--- START ---

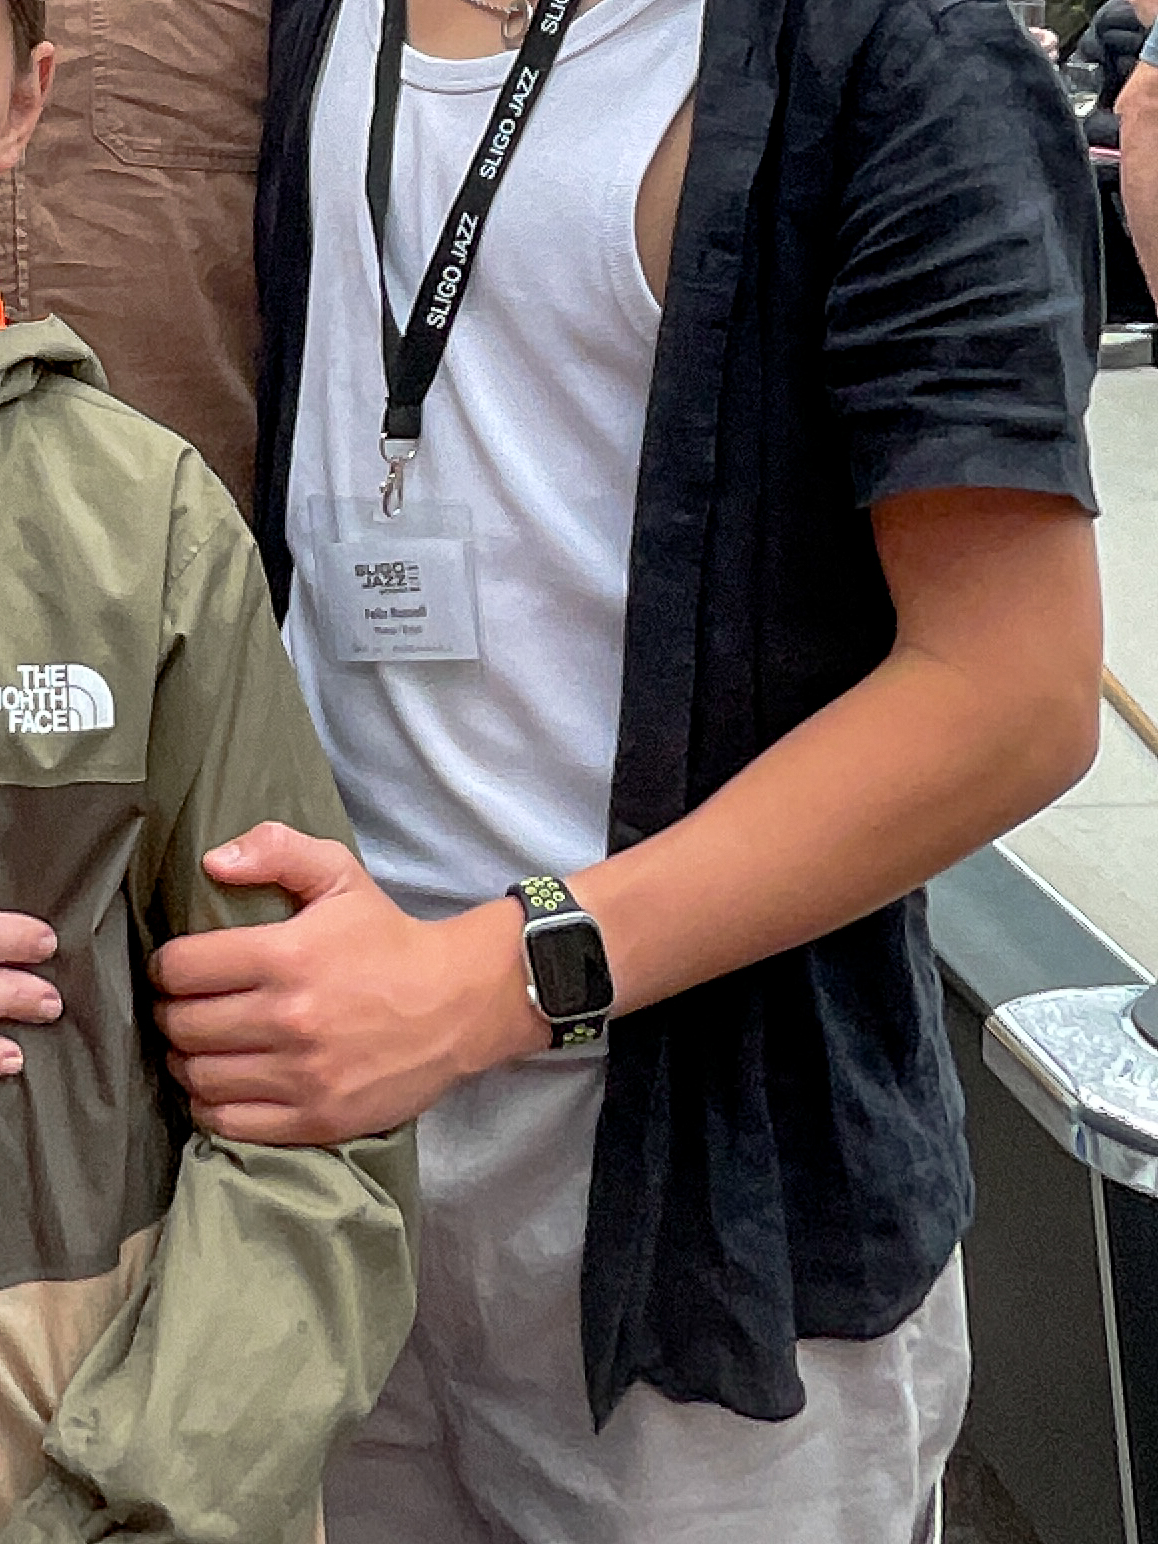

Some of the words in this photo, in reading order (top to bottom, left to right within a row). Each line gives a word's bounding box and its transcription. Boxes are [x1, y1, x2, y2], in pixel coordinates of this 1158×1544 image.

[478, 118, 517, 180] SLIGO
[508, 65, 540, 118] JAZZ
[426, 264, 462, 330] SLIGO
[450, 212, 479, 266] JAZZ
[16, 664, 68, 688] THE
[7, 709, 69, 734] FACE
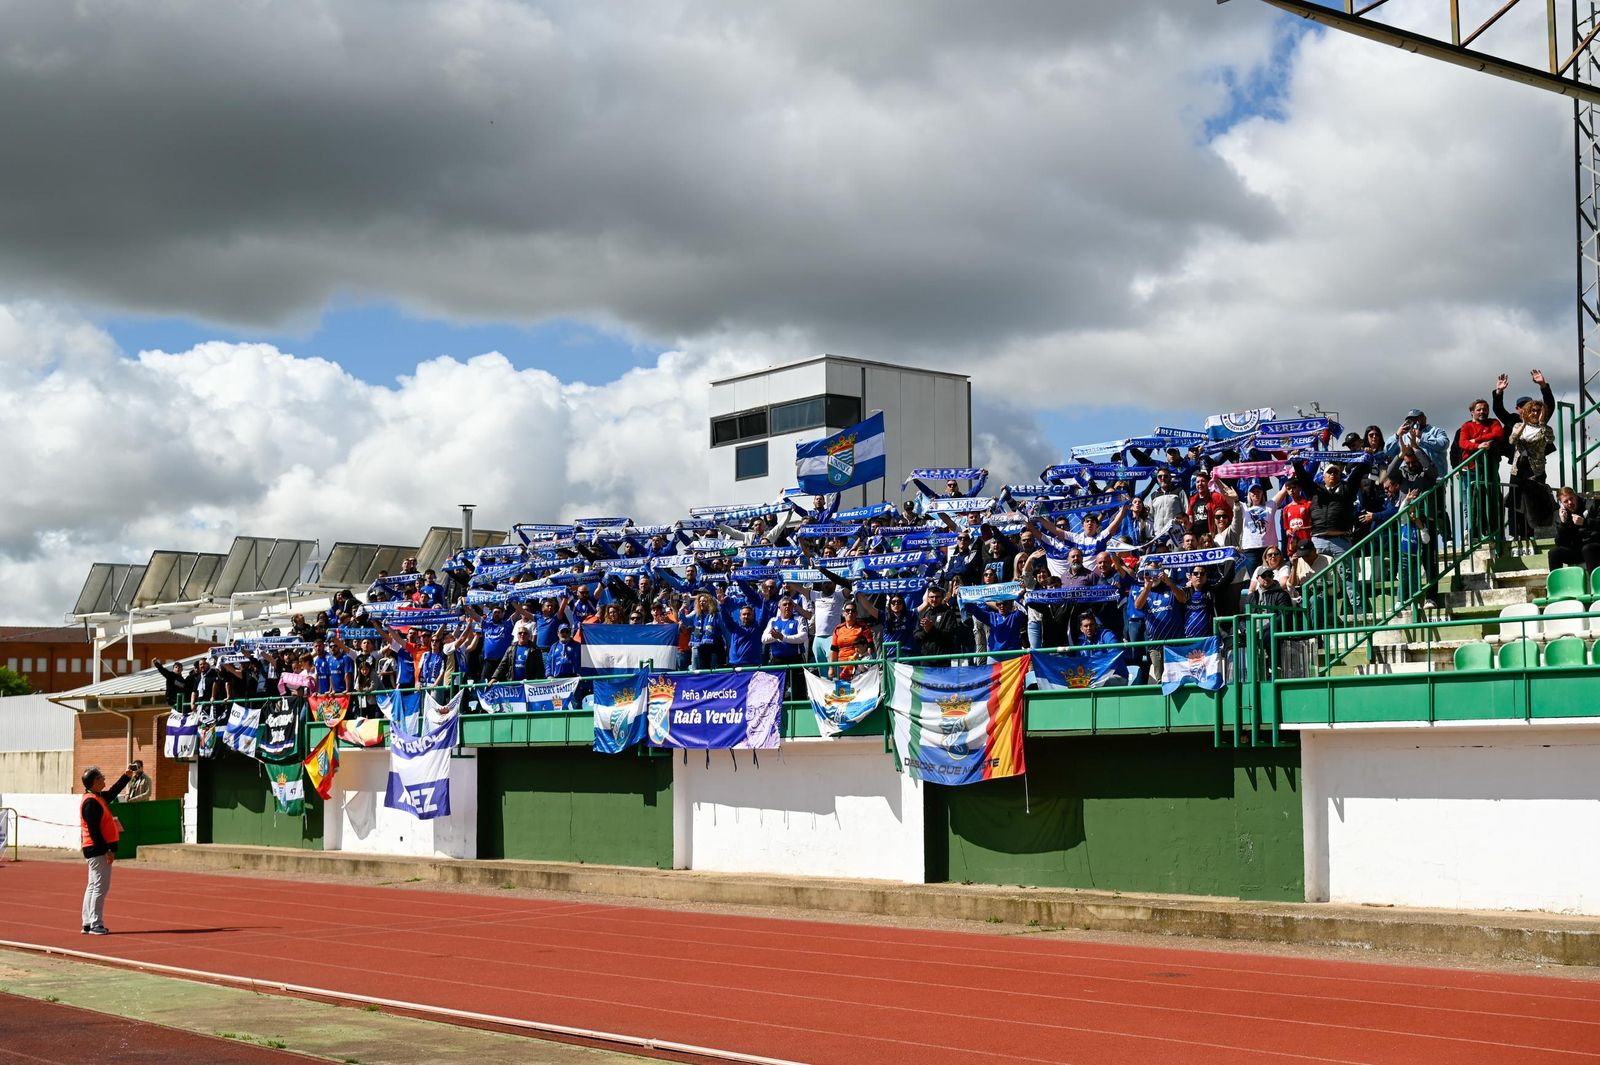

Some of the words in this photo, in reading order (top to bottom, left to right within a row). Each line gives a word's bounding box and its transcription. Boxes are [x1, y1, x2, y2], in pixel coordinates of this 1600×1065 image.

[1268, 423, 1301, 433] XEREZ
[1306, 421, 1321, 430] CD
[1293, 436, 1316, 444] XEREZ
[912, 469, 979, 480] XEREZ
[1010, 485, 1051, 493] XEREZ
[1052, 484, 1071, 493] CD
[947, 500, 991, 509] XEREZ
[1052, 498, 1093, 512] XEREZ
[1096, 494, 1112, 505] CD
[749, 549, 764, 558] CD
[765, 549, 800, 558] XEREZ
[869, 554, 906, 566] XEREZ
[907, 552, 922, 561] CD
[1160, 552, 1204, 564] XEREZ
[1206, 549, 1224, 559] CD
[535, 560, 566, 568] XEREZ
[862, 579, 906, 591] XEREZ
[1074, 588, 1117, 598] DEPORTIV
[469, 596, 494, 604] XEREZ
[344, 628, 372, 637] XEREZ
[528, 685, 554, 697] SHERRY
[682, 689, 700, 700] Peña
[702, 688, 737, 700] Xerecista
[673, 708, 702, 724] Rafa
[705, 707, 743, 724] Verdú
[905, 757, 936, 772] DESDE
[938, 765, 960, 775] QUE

--- END ---

YOUR ASSIGNMENT ->
Leave out every line before the one containing "this 1600×1065 image."; set down that line and all remaining lines of the material exactly.

ANSWER TO THIS TASK ->
Some of the words in this photo, in reading order (top to bottom, left to right within a row). Each line gives a word's bounding box and its transcription. Boxes are [x1, y1, x2, y2], in pixel coordinates of this 1600×1065 image.

[1268, 423, 1301, 433] XEREZ
[1306, 421, 1321, 430] CD
[1293, 436, 1316, 444] XEREZ
[912, 469, 979, 480] XEREZ
[1010, 485, 1051, 493] XEREZ
[1052, 484, 1071, 493] CD
[947, 500, 991, 509] XEREZ
[1052, 498, 1093, 512] XEREZ
[1096, 494, 1112, 505] CD
[749, 549, 764, 558] CD
[765, 549, 800, 558] XEREZ
[869, 554, 906, 566] XEREZ
[907, 552, 922, 561] CD
[1160, 552, 1204, 564] XEREZ
[1206, 549, 1224, 559] CD
[535, 560, 566, 568] XEREZ
[862, 579, 906, 591] XEREZ
[1074, 588, 1117, 598] DEPORTIV
[469, 596, 494, 604] XEREZ
[344, 628, 372, 637] XEREZ
[528, 685, 554, 697] SHERRY
[682, 689, 700, 700] Peña
[702, 688, 737, 700] Xerecista
[673, 708, 702, 724] Rafa
[705, 707, 743, 724] Verdú
[905, 757, 936, 772] DESDE
[938, 765, 960, 775] QUE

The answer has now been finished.